Member of the U.S. House of Representatives from Montana
- In office January 3, 1979 – January 3, 1997
- Preceded by: Max Baucus
- Succeeded by: Rick Hill
- Constituency: 1st (1979–1993) At-large (1993–1997)

Personal details
- Born: John Patrick Williams October 30, 1937 Helena, Montana, U.S.
- Died: June 25, 2025 (aged 87) Missoula, Montana, U.S.
- Party: Democratic
- Spouse: Carol Griffith
- Children: Griff Williams, Erin Williams, Whitney Williams
- Relatives: Evel Knievel (cousin)
- Education: University of Montana William Jewell College University of Denver (BA)

Military service
- Allegiance: United States
- Branch: Montana National Guard Colorado National Guard
- Service years: 1961–1969

= Pat Williams (Montana politician) =

American politician (1937–2025)

John Patrick Williams (October 30, 1937 – June 25, 2025) was an American politician who represented Montana in the United States House of Representatives from 1979 to 1997, as a member of the Democratic Party. He was Montana's longest serving U.S. Congressman.

==Background==
Williams was born in Helena, Montana on October 30, 1937. He attended the University of Montana in Missoula, William Jewell College, and the University of Denver, Colorado, earning a BA. From 1961 to 1969, he was a member of the National Guard in Colorado and Montana, and was a teacher in Butte, Montana. His cousin was Evel Knievel, an American daredevil and showman.

==Political career==
In 1966, Williams was elected to the Montana House of Representatives in District 23 of Silver Bow County, winning reelection in 1968. From 1969 to 1971, he served as the executive assistant to Montana Representative John Melcher. Williams was a member of the Governor's Employment and Training Council from 1972 to 1978 and served on the Montana Reapportionment Commission from 1972 to 1973.

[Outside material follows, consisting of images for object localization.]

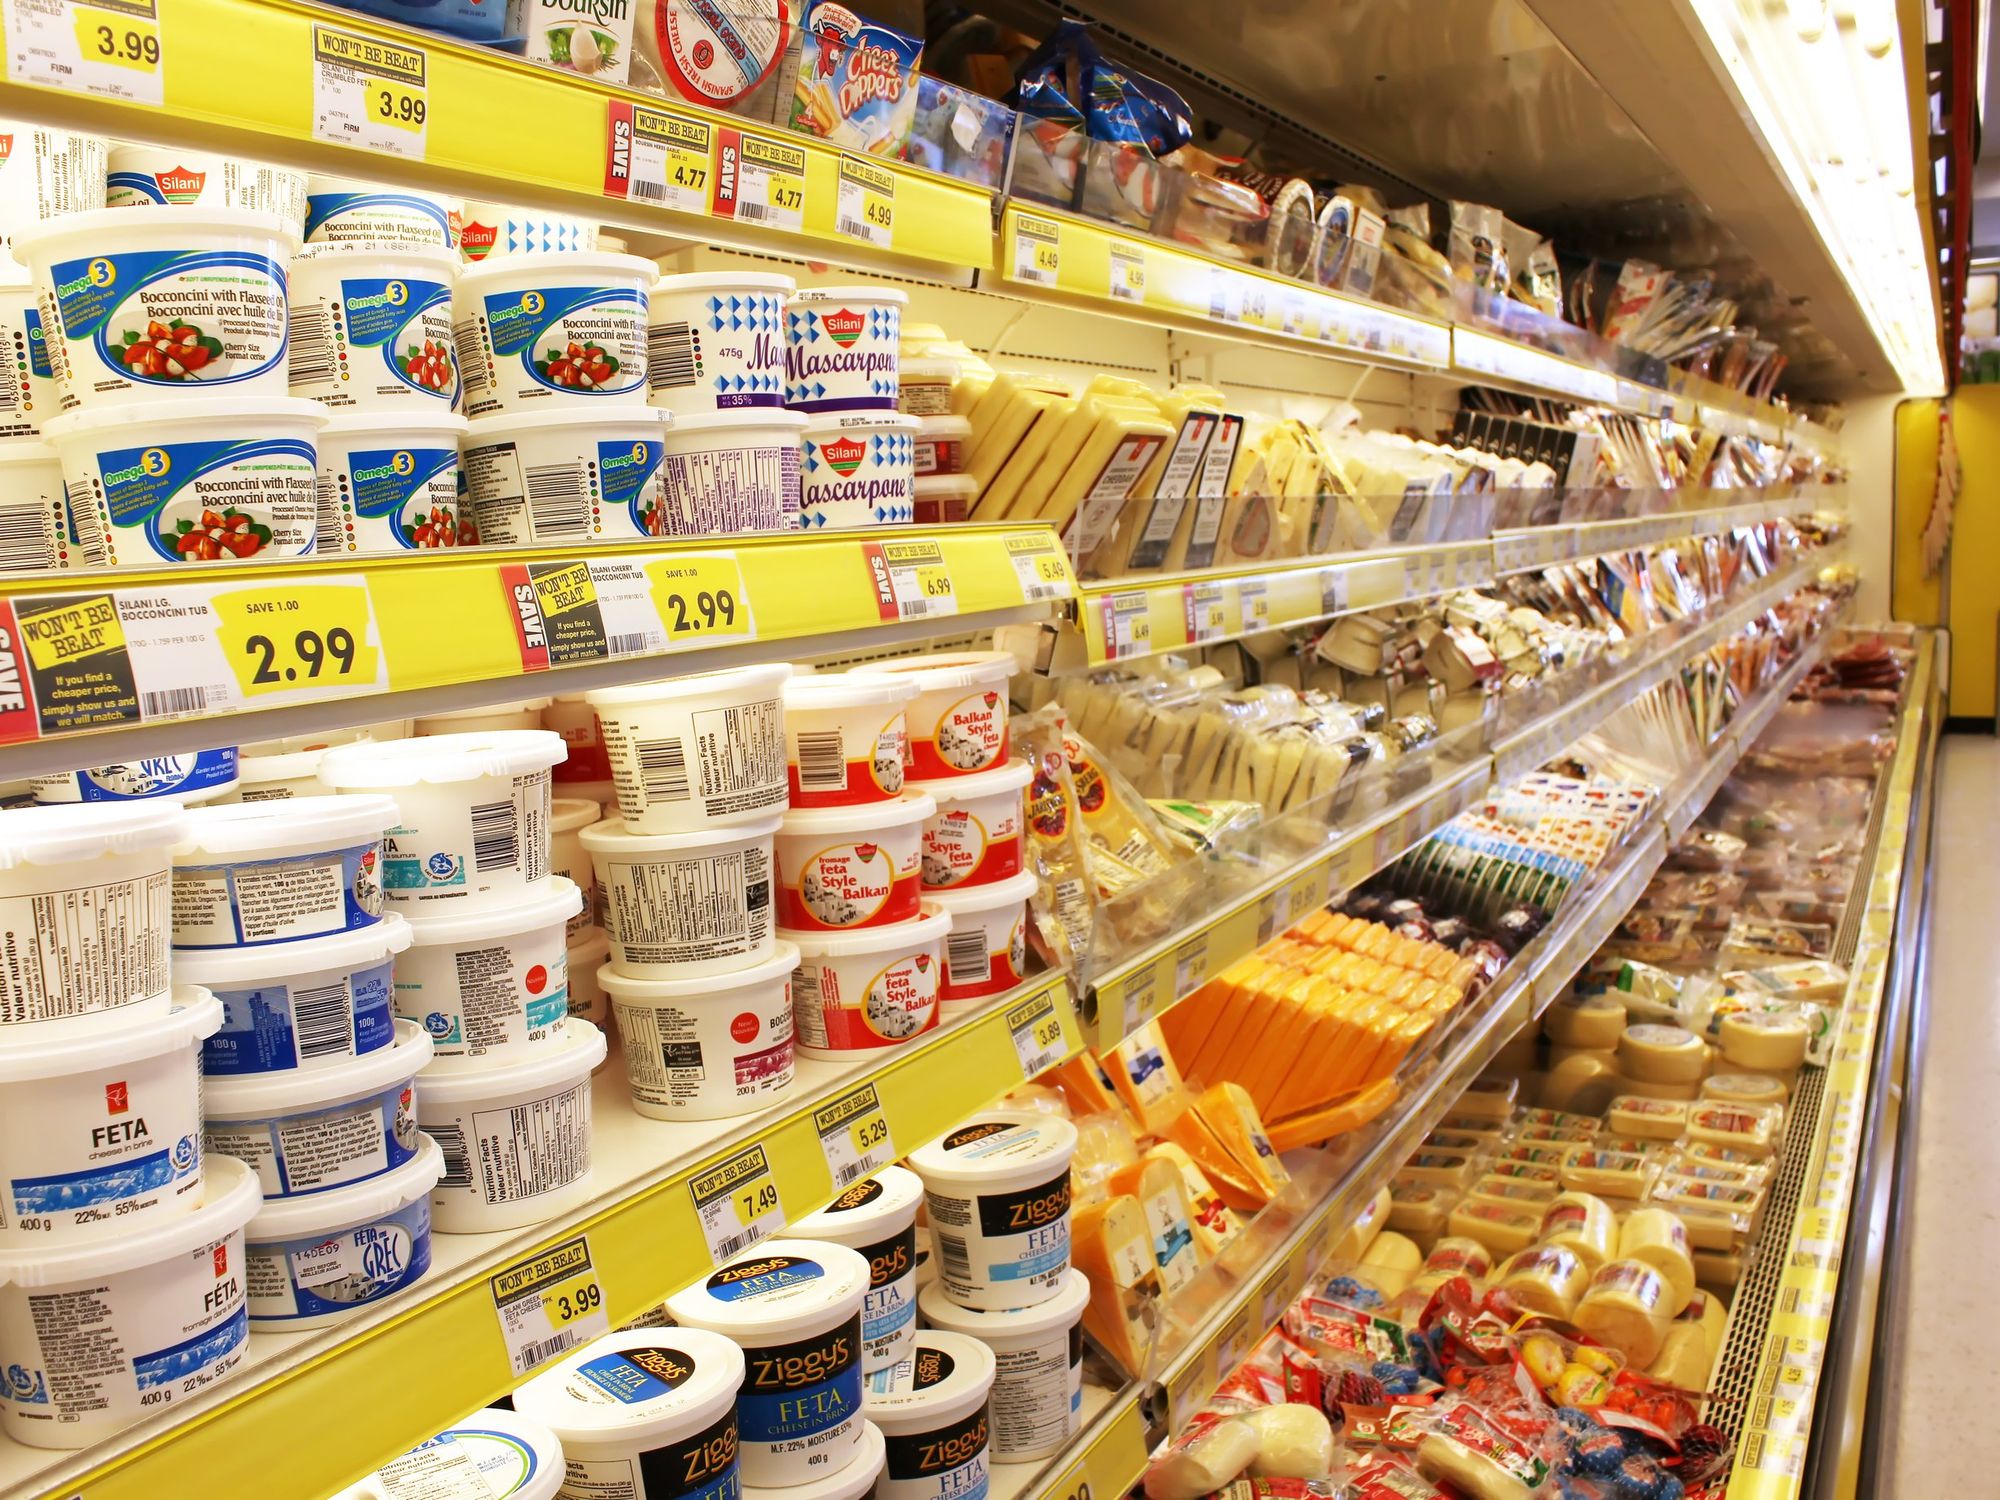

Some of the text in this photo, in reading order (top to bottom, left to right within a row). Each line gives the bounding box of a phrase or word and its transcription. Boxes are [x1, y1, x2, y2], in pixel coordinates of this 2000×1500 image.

[97, 25, 160, 65] 3.99
[322, 33, 362, 58] WON'T
[364, 45, 382, 63] BE
[383, 50, 418, 73] BEAT
[669, 10, 734, 96] SPANISH FRESH CHEESE
[50, 63, 73, 75] FIRM
[321, 62, 342, 75] SILANI
[342, 66, 356, 77] LITE
[321, 70, 372, 88] CRUMBLED FETA
[379, 91, 426, 125] 3.99
[343, 123, 360, 133] FIRM
[639, 114, 705, 142] WON'T BE BEAT
[612, 120, 630, 180] SAVE
[161, 176, 201, 191] Silani
[674, 166, 706, 189] 4.77
[719, 146, 737, 200] SAVE
[775, 188, 802, 209] 4.77
[867, 202, 892, 226] 4.99
[461, 231, 492, 244] Silani
[1040, 249, 1058, 268] 4.49
[57, 261, 110, 299] Omega 3
[140, 289, 209, 304] Bocconcini
[212, 289, 237, 303] with
[239, 290, 275, 307] Flaxseed
[489, 294, 540, 323] Omega 3
[147, 304, 276, 320] Bocconcini avec huile de
[828, 317, 861, 331] Silani
[224, 343, 260, 355] Cherry Size
[225, 352, 266, 362] Format cerise
[719, 347, 743, 359] 475g
[785, 345, 896, 381] Mascarpone
[602, 445, 645, 469] Omega 3
[826, 446, 861, 460] Silani
[104, 451, 164, 487] Omega 3
[590, 564, 633, 574] SILANI CHERRY
[592, 571, 644, 582] BOCCONCINI TUB
[666, 568, 698, 578] SAVE 1.00
[871, 555, 893, 605] SAVE
[1042, 561, 1065, 579] 5.49
[536, 567, 589, 596] WON'T BE
[927, 578, 951, 596] 6.99
[119, 597, 172, 611] SILANI LG.
[246, 600, 300, 614] SAVE 1.00
[552, 586, 582, 610] BEAT
[121, 605, 208, 622] BOCCONCINI TUB
[512, 583, 545, 649] SAVE
[668, 589, 735, 632] 2.99
[22, 603, 114, 643] WON'T BE
[50, 626, 103, 659] BEAT
[244, 627, 356, 685] 2.99
[55, 676, 64, 686] If
[65, 676, 81, 688] you
[84, 672, 103, 683] find
[52, 684, 122, 700] cheaper price,
[42, 697, 136, 717] simply show us and
[953, 710, 993, 726] Balkan
[56, 711, 126, 727] we will match.
[967, 722, 993, 736] Style
[982, 732, 999, 744] feta
[699, 735, 713, 795] Nutrition Facts
[709, 732, 722, 795] Valeur nutritive
[818, 856, 851, 864] fromage
[820, 864, 847, 874] feta
[822, 875, 857, 887] Style
[842, 885, 889, 900] Balkan
[5, 931, 26, 1022] Valeur nutritive
[528, 1031, 541, 1042] 400
[1040, 1020, 1061, 1046] 3.89
[737, 1086, 749, 1096] 200
[91, 1117, 149, 1148] FETA
[859, 1118, 888, 1148] 5.29
[88, 1138, 153, 1161] cheese in brine
[743, 1185, 777, 1217] 7.49
[74, 1200, 140, 1225] 22% 55%
[20, 1218, 42, 1232] 400
[1028, 1219, 1067, 1250] FETA
[303, 1260, 338, 1274] BEST BEFORE
[498, 1245, 582, 1293] WON'T BE BEAT
[718, 1258, 790, 1284] Ziggy's
[204, 1277, 238, 1313] FÉTA
[503, 1294, 541, 1315] SILANI GREEK
[558, 1283, 601, 1320] 3.99
[505, 1303, 541, 1321] FETA CHEESE
[182, 1314, 213, 1334] fromage
[633, 1349, 688, 1381] Ziggy's
[752, 1337, 849, 1388] Ziggy's
[610, 1363, 649, 1389] FETA
[779, 1387, 843, 1422] FETA
[767, 1421, 809, 1435] CHEESE
[811, 1415, 825, 1427] IN
[787, 1429, 841, 1452] 22% MOISTURE
[918, 1417, 988, 1471] Ziggy's
[807, 1455, 822, 1465] 400
[939, 1458, 984, 1494] FETA
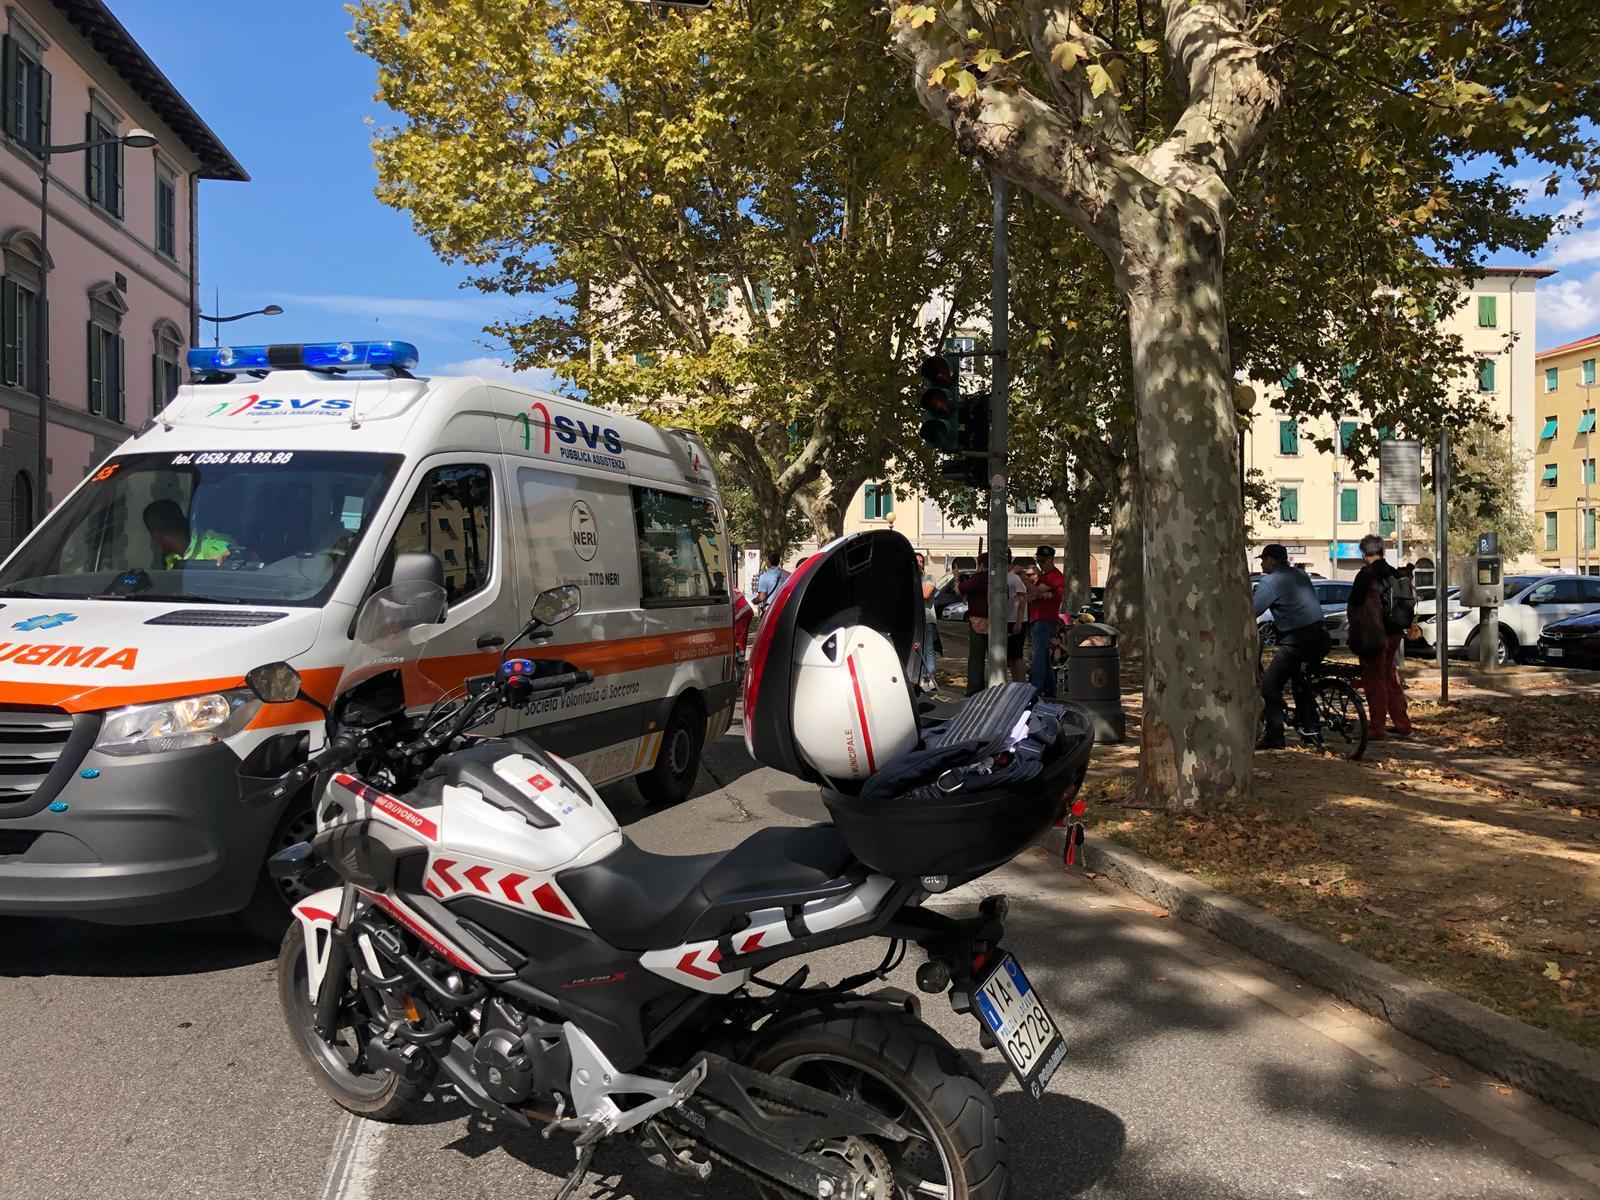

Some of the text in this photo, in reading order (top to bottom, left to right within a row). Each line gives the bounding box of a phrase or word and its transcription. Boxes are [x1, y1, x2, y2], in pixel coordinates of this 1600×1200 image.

[253, 399, 353, 410] SVS
[554, 415, 623, 455] SVS
[171, 452, 294, 465] tel. 0586 88.88.88
[560, 447, 626, 471] PUBBLICA ASSISTENZA
[573, 531, 597, 546] NERI
[589, 572, 604, 586] TITO
[605, 572, 620, 586] NERI
[560, 687, 599, 709] Volontaria
[601, 684, 609, 700] di
[609, 681, 640, 699] Soccorso
[392, 804, 423, 826] LIVORNO
[986, 977, 1014, 1014] YA
[1001, 994, 1034, 1038] POLIZIA LOCALE
[1007, 1005, 1050, 1070] 03728
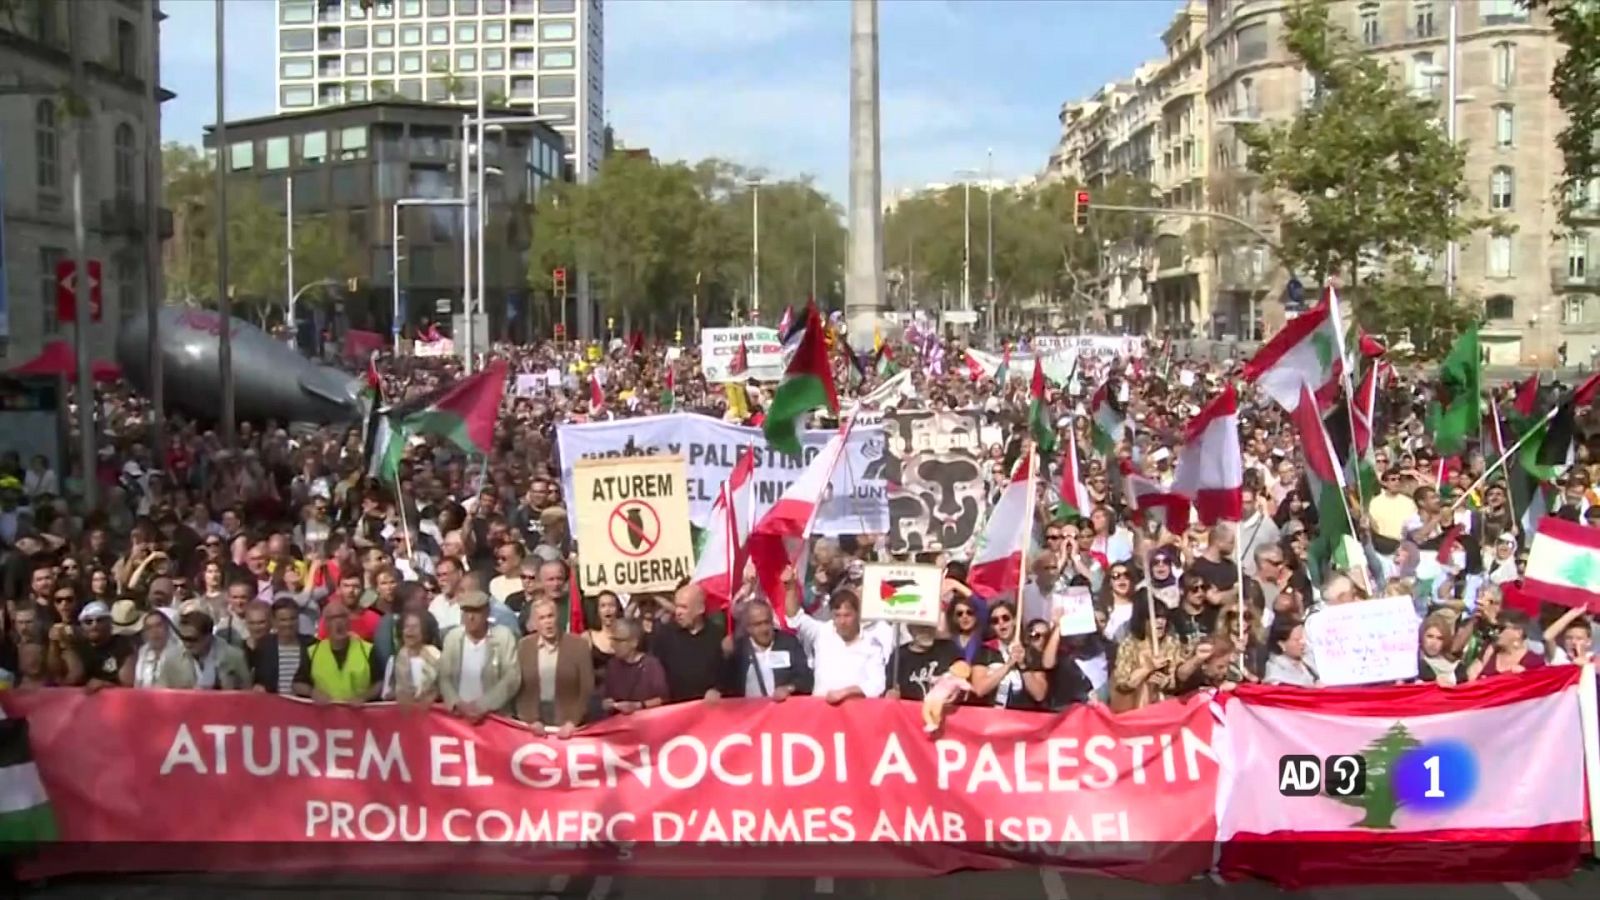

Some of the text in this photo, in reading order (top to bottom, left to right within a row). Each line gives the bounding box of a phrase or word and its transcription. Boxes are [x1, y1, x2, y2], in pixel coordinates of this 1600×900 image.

[592, 473, 673, 501] ATUREM
[586, 556, 690, 587] LA GUERRA!
[160, 723, 1219, 794] ATUREM EL GENOCIDI A PALESTIN
[305, 800, 1136, 860] PROU COMERÇ D'ARMES AMB ISRAEL

In 1974, Williams ran an unsuccessful primary election campaign against future Senator Max Baucus for the Democratic Party nomination for Montana's U.S. House 1st District Representative. Baucus went on to win the November election, defeating Republican Dick Shoup. In 1978, Baucus retired to run for U.S. senator and Williams ran a successful primary campaign against Dorothy Bradley to win the Democratic nomination for the 1st District of Montana. That November, Williams defeated Republican Jim Waltermire in one of Montana's largest door-to-door campaigns, winning 57% of the vote and gaining election to the 96th U.S. Congress.

=== National Endowment for the Arts controversy ===
Williams was a vocal champion for Federal Arts Funding, and is credited with saving the National Endowment for the Arts (NEA) for his staunch advocacy of the NEA, Williams garnered national attention during the Culture Wars of the late 1980s and early 1990s. John Frohnmayer, who served as chairman of the National Endowment for the Arts during that tumultuous era, said "(Williams) was a tireless and fearless supporter of the arts", and that he "risked his political career in doing so".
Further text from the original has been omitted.